A verbatim copy of all the data is required, minus any images.
___ Record set
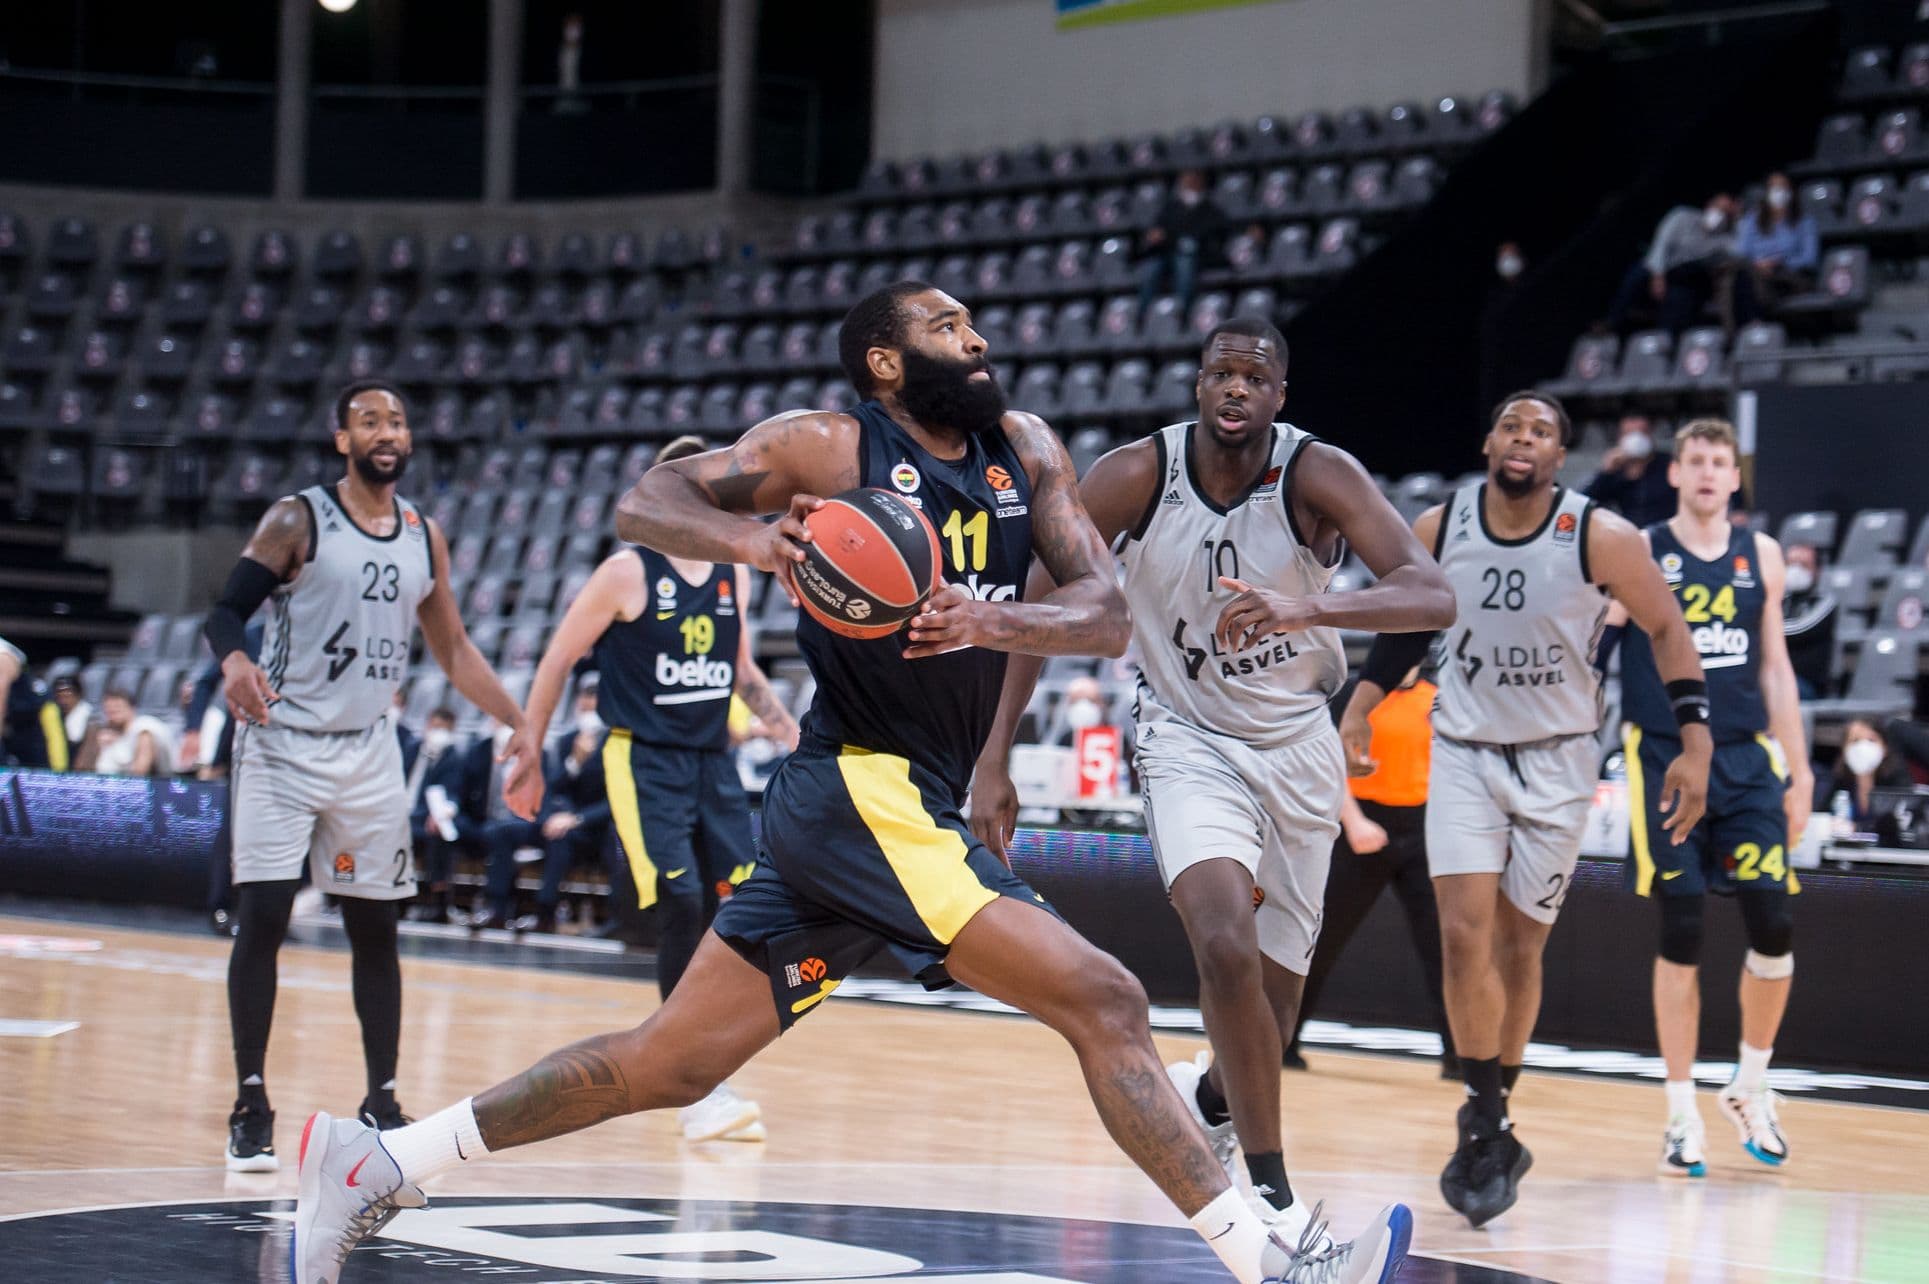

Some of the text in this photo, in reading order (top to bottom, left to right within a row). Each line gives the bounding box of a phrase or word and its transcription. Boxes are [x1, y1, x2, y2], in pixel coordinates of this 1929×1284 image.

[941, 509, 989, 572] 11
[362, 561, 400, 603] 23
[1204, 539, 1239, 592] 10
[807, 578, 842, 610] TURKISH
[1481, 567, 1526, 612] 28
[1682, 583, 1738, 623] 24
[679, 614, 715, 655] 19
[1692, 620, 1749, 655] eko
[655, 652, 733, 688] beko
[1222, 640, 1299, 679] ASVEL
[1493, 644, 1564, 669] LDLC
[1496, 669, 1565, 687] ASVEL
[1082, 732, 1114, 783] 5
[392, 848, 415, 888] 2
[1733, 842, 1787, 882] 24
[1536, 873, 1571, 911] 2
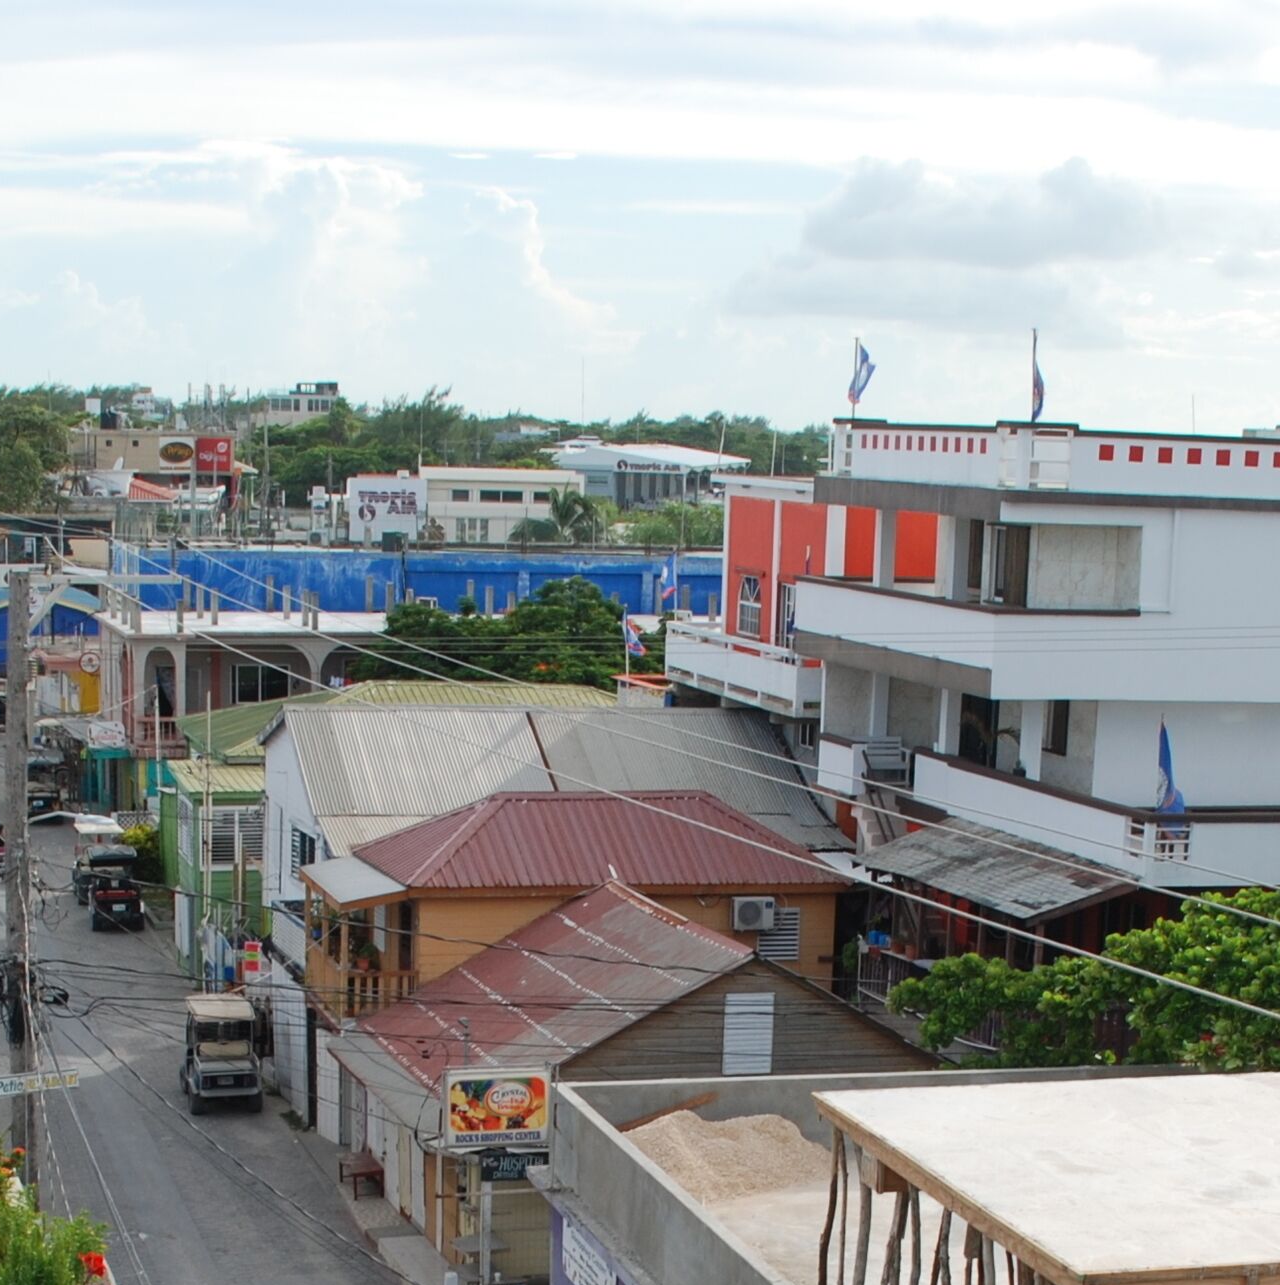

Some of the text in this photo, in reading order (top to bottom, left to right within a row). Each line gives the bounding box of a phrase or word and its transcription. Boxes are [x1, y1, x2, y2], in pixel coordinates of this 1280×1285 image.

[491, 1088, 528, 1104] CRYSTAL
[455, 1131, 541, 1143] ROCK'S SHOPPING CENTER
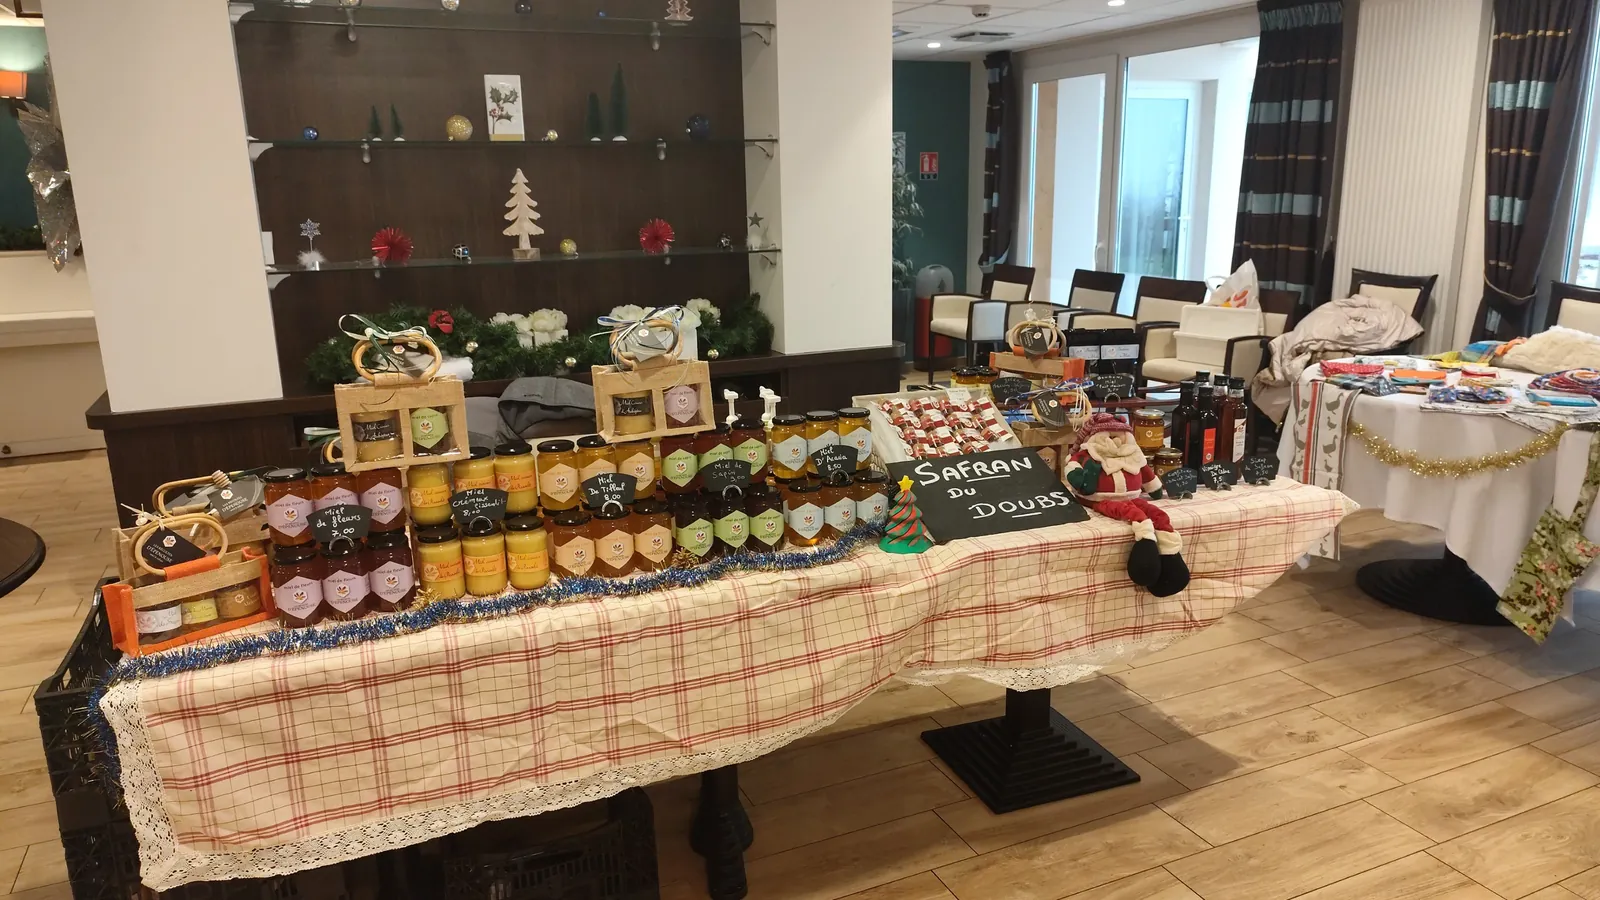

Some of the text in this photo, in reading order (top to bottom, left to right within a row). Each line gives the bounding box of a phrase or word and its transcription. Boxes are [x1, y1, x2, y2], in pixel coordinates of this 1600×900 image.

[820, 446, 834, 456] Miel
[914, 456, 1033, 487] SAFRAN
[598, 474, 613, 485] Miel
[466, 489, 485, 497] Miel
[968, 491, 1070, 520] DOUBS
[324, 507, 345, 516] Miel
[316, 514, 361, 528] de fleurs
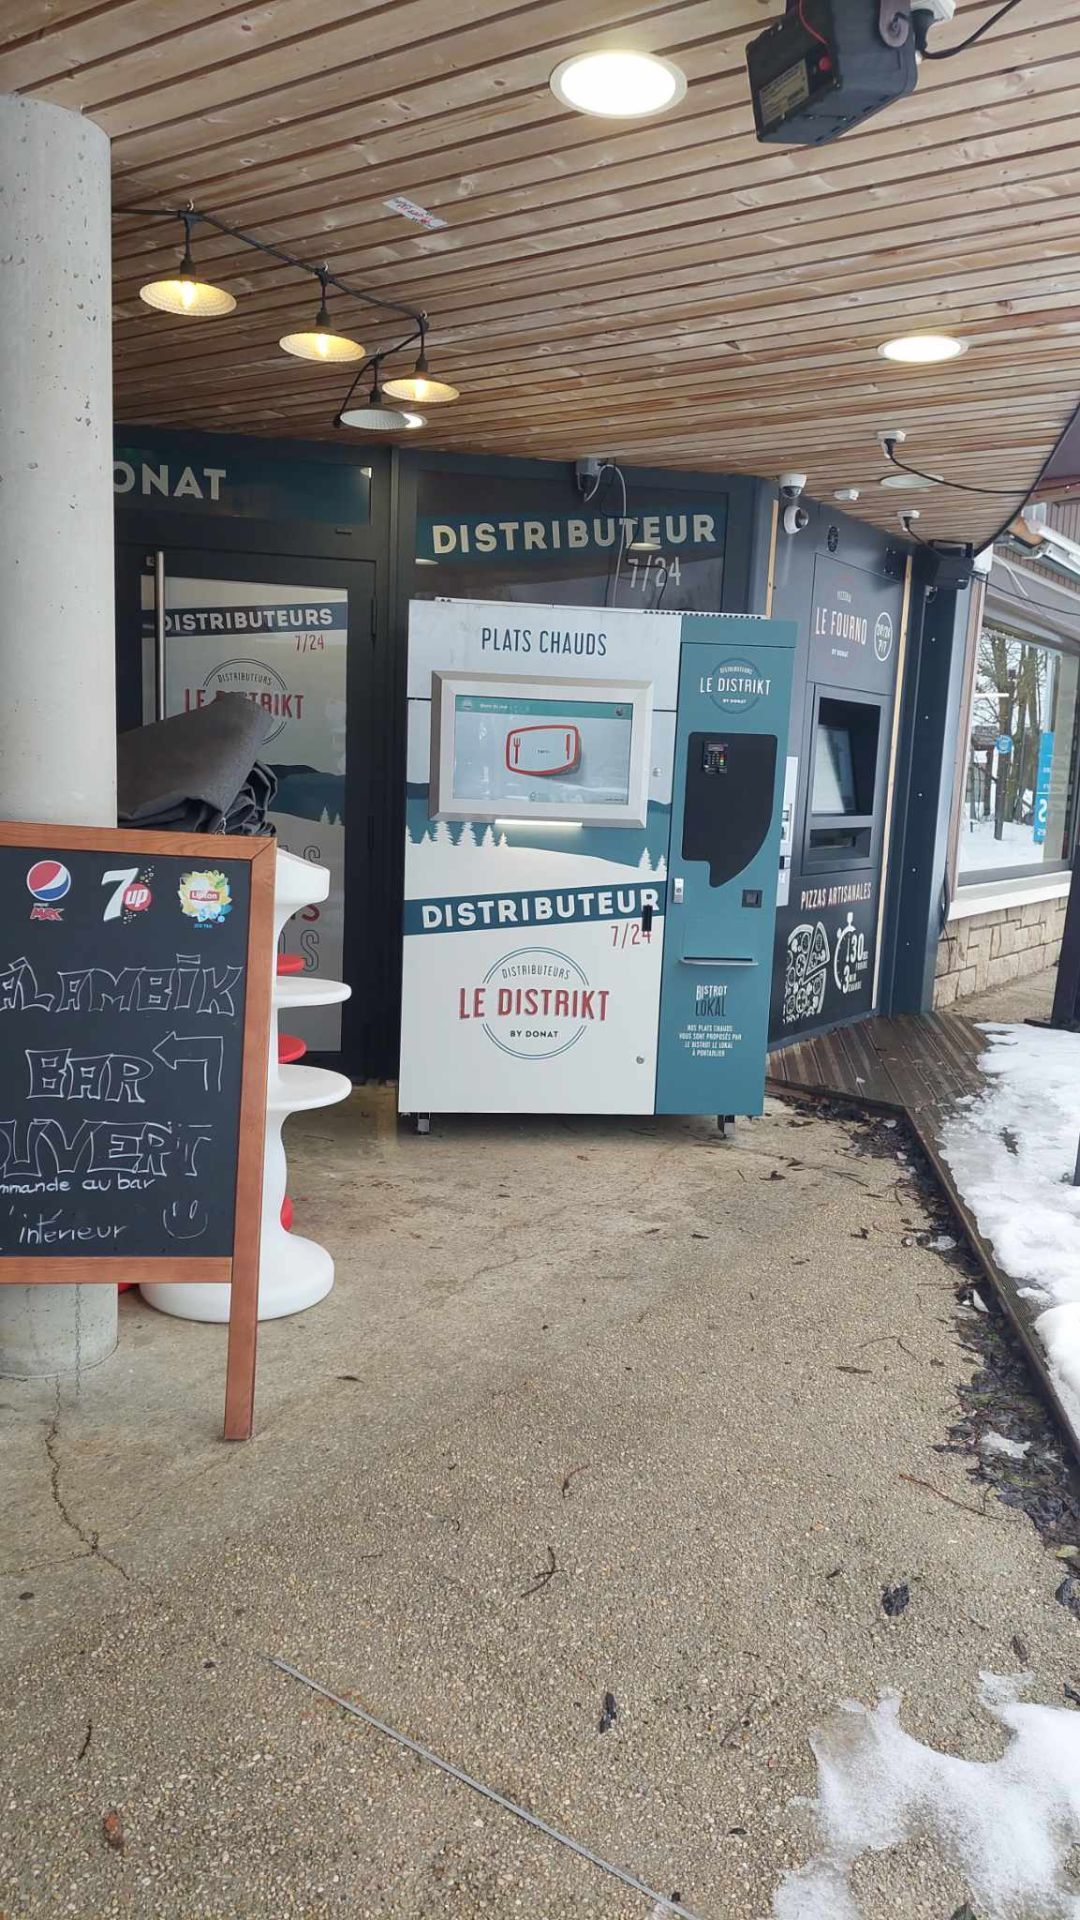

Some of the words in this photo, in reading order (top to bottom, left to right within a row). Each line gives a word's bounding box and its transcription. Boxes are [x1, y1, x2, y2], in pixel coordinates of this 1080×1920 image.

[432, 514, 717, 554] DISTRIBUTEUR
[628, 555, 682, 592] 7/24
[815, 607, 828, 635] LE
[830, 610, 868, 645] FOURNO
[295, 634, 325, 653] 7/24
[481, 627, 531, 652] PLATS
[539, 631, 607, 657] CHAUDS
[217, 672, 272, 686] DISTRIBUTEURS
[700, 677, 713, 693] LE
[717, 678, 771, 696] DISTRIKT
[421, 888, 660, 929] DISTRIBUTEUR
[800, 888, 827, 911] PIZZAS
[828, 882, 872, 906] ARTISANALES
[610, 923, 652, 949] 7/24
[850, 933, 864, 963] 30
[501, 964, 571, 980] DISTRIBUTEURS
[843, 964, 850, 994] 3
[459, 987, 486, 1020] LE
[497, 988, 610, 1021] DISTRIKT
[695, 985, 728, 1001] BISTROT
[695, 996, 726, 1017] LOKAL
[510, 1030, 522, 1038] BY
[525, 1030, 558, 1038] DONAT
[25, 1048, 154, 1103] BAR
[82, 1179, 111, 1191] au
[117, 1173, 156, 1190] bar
______
## Solution to the exercise
Some of the text in this photo, in reading order (top to bottom, left to right within a row). Each line gives the bounding box of a phrase or word and its transcription. Boxes are [x1, y1, x2, y2], in pixel coordinates of this 1929×1284 image.

[941, 509, 989, 572] 11
[362, 561, 400, 603] 23
[1204, 539, 1239, 592] 10
[807, 578, 842, 610] TURKISH
[1481, 567, 1526, 612] 28
[1682, 583, 1738, 623] 24
[679, 614, 715, 655] 19
[1692, 620, 1749, 655] eko
[655, 652, 733, 688] beko
[1222, 640, 1299, 679] ASVEL
[1493, 644, 1564, 669] LDLC
[1496, 669, 1565, 687] ASVEL
[1082, 732, 1114, 783] 5
[392, 848, 415, 888] 2
[1733, 842, 1787, 882] 24
[1536, 873, 1571, 911] 2

Some of the text in this photo, in reading order (top to bottom, left to right within a row). Each line gives the bounding box of a phrase or word and its transcription. Boxes are [x1, y1, x2, y2], in pixel coordinates of this 1280×1285 image.

[491, 1088, 528, 1104] CRYSTAL
[455, 1131, 541, 1143] ROCK'S SHOPPING CENTER

Some of the text in this photo, in reading order (top to bottom, left to right within a row). Each line gives the bounding box of a phrase or word and its transcription. Boxes are [x1, y1, x2, y2], in pixel coordinates of this 1600×900 image.

[820, 446, 834, 456] Miel
[914, 456, 1033, 487] SAFRAN
[598, 474, 613, 485] Miel
[466, 489, 485, 497] Miel
[968, 491, 1070, 520] DOUBS
[324, 507, 345, 516] Miel
[316, 514, 361, 528] de fleurs

Some of the words in this photo, in reading order (top to bottom, left to right within a row). Each line gives a word's bounding box and its transcription. Boxes are [x1, y1, x2, y2], in pixel coordinates of this 1080×1920 image.

[432, 514, 717, 554] DISTRIBUTEUR
[628, 555, 682, 592] 7/24
[815, 607, 828, 635] LE
[830, 610, 868, 645] FOURNO
[295, 634, 325, 653] 7/24
[481, 627, 531, 652] PLATS
[539, 631, 607, 657] CHAUDS
[217, 672, 272, 686] DISTRIBUTEURS
[700, 677, 713, 693] LE
[717, 678, 771, 696] DISTRIKT
[421, 888, 660, 929] DISTRIBUTEUR
[800, 888, 827, 911] PIZZAS
[828, 882, 872, 906] ARTISANALES
[610, 923, 652, 949] 7/24
[850, 933, 864, 963] 30
[501, 964, 571, 980] DISTRIBUTEURS
[843, 964, 850, 994] 3
[459, 987, 486, 1020] LE
[497, 988, 610, 1021] DISTRIKT
[695, 985, 728, 1001] BISTROT
[695, 996, 726, 1017] LOKAL
[510, 1030, 522, 1038] BY
[525, 1030, 558, 1038] DONAT
[25, 1048, 154, 1103] BAR
[82, 1179, 111, 1191] au
[117, 1173, 156, 1190] bar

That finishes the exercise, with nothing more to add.